Monday, June 22, 2020

If I Were A Carpenter

On Facebook, I was recently challenged to name 10 albums that have influenced my musical taste and upbringing over the past 44+ years. You have all seen the posts: One record per day. No explanations, no reviews, just the cover art.  Not my desert island discs, not my top 10 albums of all time, but the 10 albums that are core memories.

For those that know me, seeing my first two listings, "Check Your Head" by the Beastie Boys and "Southern Harmony & Musical Companion" by The Black Crowes were probably not surprising, but then I started to dig deep.  In fact, it was Corey Glover's voice from Living Colour that started to ring in my head, when he sings, "Everything is quiet / Everyone's gone to sleep / I'm wide awake / But these memories / These memories can't wait".  It caused me to think of the early 1980s in Westfield, NJ when it was The Carpenters' "Close to You" that was being pumped out of my parents' faux-end-table size speakers.  I cannot even remember the last time before today when I listened to "We've Only Just Begun".  But it was at this point that the challenge really started to make sense. 

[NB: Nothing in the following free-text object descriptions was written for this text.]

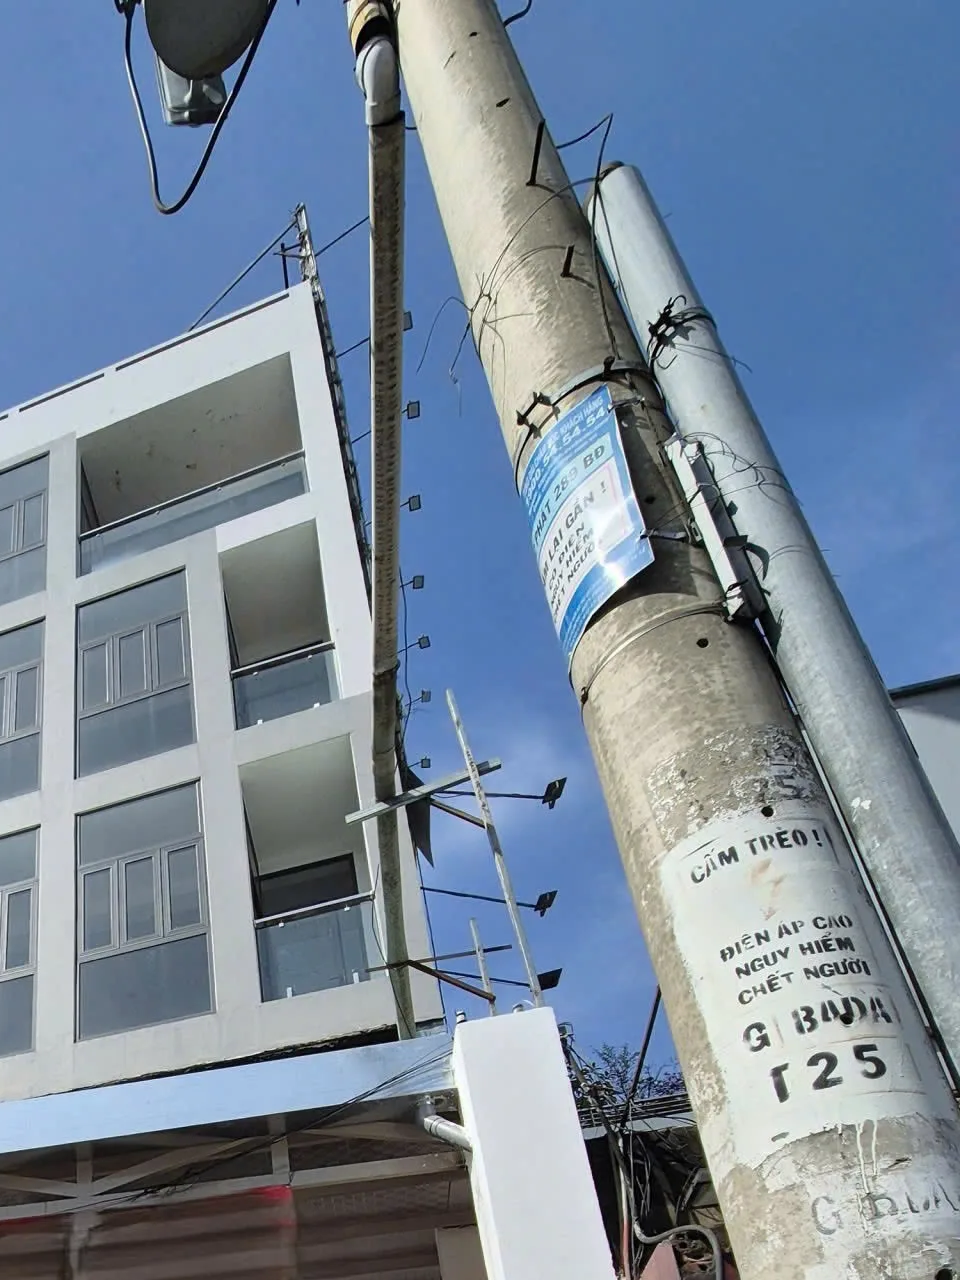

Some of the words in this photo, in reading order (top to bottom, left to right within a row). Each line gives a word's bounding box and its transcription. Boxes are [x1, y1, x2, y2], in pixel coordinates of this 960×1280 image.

[812, 915, 853, 930] CAO
[734, 946, 791, 980] NGUY
[798, 931, 856, 956] HIỂM
[737, 969, 795, 1005] CHẾT
[742, 1021, 772, 1053] G
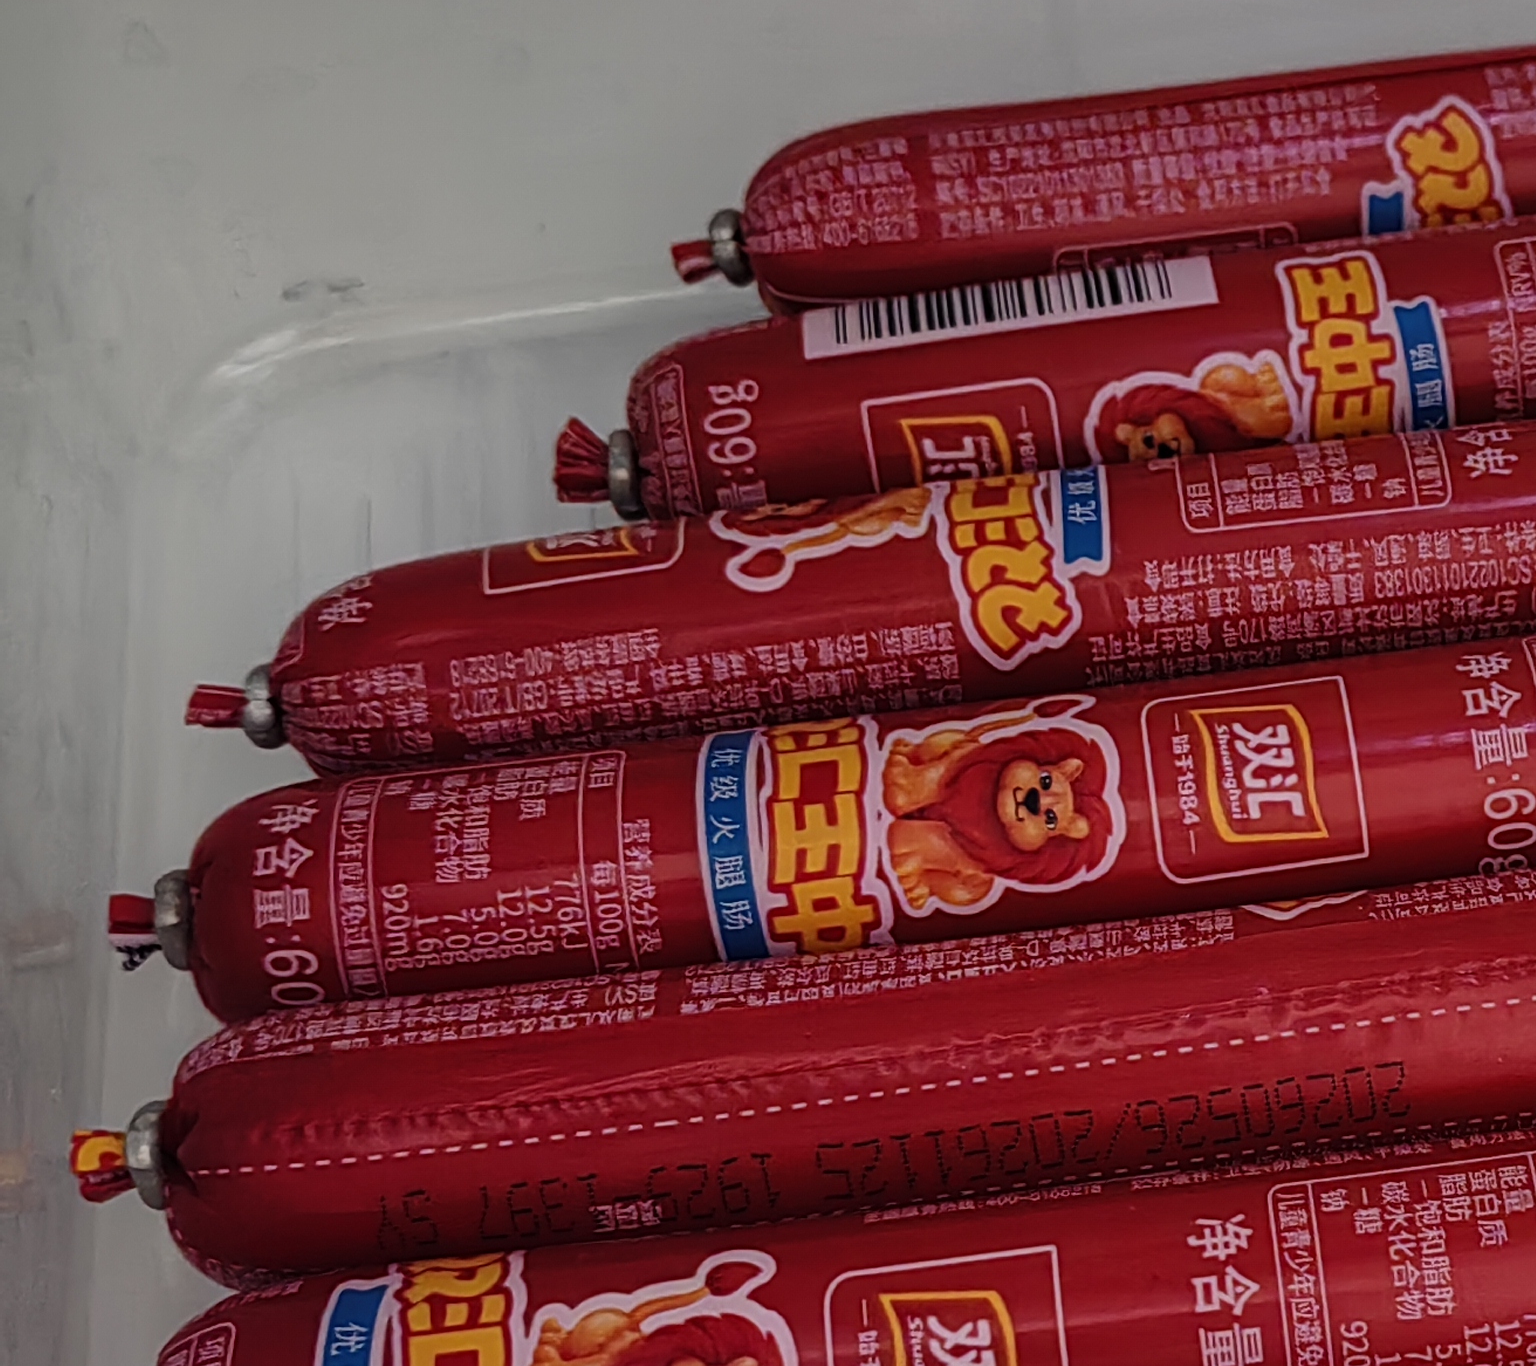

It also made me think that I can relate to my friend Jess who has been spending the quarantine in Moreton-in-Marsh, UK.  She recently wrote,  that she is "Nostalgic in normal times and fairly connected and social, I wondered if this overwhelming longing to hear from people I’m perfectly capable of not talking to with any regularity in other times was just me. Turns out it’s not. It even has a name, a good one. It’s called a memory avalanche, this feeling of nostalgic desire for connection with people from our past . . ."  

This comment made me think of the Disney Pixar film "Inside Out" when Riley, a happy, 11-year-old Midwestern girl gets her world turns upside-down when she and her parents move to San Francisco.  Riley's emotions do their best to try and guide her through this life-changing event in only a way that a clever Pixar film can.  Outside of entertainment, scientific studies find that our identities are defined by specific emotions, which shape how we perceive the world, how we express ourselves and the responses we evoke in others.  "Inside Out” similar to these times of quarantine is a film about loss and what people gain when guided by feelings of sadness.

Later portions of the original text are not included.